Your goal:
Lines from the one containing "this 1333×1125 image." through the last line of the records below are to be repeated exactly.

Source records:

Segment Open

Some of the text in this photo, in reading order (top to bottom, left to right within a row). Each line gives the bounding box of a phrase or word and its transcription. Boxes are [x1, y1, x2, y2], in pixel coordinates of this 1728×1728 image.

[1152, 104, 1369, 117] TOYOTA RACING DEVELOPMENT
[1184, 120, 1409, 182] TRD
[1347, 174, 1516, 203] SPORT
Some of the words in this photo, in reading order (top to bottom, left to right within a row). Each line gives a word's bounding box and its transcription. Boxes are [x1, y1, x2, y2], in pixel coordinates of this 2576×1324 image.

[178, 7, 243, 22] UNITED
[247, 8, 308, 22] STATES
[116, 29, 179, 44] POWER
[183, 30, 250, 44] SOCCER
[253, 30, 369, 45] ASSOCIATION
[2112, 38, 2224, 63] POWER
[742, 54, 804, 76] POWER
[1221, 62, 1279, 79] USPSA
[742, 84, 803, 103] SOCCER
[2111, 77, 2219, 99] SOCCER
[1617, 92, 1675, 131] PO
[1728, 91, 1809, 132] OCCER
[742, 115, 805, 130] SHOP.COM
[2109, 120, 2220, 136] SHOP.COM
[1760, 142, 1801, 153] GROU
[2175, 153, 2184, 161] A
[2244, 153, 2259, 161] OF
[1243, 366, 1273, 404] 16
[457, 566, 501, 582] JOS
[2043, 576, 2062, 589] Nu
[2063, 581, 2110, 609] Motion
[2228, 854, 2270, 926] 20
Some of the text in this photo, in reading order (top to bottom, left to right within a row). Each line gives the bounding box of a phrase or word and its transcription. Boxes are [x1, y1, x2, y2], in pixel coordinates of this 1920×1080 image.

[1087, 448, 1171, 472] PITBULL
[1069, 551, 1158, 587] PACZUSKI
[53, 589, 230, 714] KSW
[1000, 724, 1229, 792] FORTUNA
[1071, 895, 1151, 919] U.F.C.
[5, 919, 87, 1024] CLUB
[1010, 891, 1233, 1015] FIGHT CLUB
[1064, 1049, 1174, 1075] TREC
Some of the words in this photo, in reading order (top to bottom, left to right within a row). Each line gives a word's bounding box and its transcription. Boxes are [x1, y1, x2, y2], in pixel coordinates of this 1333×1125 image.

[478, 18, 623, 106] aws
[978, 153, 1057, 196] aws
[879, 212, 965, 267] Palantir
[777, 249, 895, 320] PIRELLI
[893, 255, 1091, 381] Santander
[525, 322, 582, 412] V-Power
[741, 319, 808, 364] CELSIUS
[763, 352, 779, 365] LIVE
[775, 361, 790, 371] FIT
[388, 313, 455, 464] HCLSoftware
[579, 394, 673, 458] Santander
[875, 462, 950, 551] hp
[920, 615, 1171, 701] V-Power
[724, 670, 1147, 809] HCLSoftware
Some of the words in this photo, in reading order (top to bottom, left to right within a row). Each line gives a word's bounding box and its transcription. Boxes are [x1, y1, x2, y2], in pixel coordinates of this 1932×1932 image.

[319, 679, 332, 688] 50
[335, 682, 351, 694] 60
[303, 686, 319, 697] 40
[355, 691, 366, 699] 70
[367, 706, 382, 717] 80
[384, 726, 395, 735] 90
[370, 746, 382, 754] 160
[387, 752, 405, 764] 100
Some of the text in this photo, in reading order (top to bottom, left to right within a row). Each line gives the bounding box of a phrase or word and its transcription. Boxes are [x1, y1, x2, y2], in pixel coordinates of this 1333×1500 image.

Segment Closed

Response area:
Some of the words in this photo, in reading order (top to bottom, left to right within a row). Each line gives a word's bounding box and its transcription. Boxes are [x1, y1, x2, y2], in pixel coordinates of this 1333×1125 image.

[478, 18, 623, 106] aws
[978, 153, 1057, 196] aws
[879, 212, 965, 267] Palantir
[777, 249, 895, 320] PIRELLI
[893, 255, 1091, 381] Santander
[525, 322, 582, 412] V-Power
[741, 319, 808, 364] CELSIUS
[763, 352, 779, 365] LIVE
[775, 361, 790, 371] FIT
[388, 313, 455, 464] HCLSoftware
[579, 394, 673, 458] Santander
[875, 462, 950, 551] hp
[920, 615, 1171, 701] V-Power
[724, 670, 1147, 809] HCLSoftware
Some of the words in this photo, in reading order (top to bottom, left to right within a row). Each line gives a word's bounding box and its transcription. Boxes are [x1, y1, x2, y2], in pixel coordinates of this 1932×1932 image.

[319, 679, 332, 688] 50
[335, 682, 351, 694] 60
[303, 686, 319, 697] 40
[355, 691, 366, 699] 70
[367, 706, 382, 717] 80
[384, 726, 395, 735] 90
[370, 746, 382, 754] 160
[387, 752, 405, 764] 100
Some of the text in this photo, in reading order (top to bottom, left to right within a row). Each line gives the bounding box of a phrase or word and its transcription. Boxes are [x1, y1, x2, y2], in pixel coordinates of this 1333×1500 image.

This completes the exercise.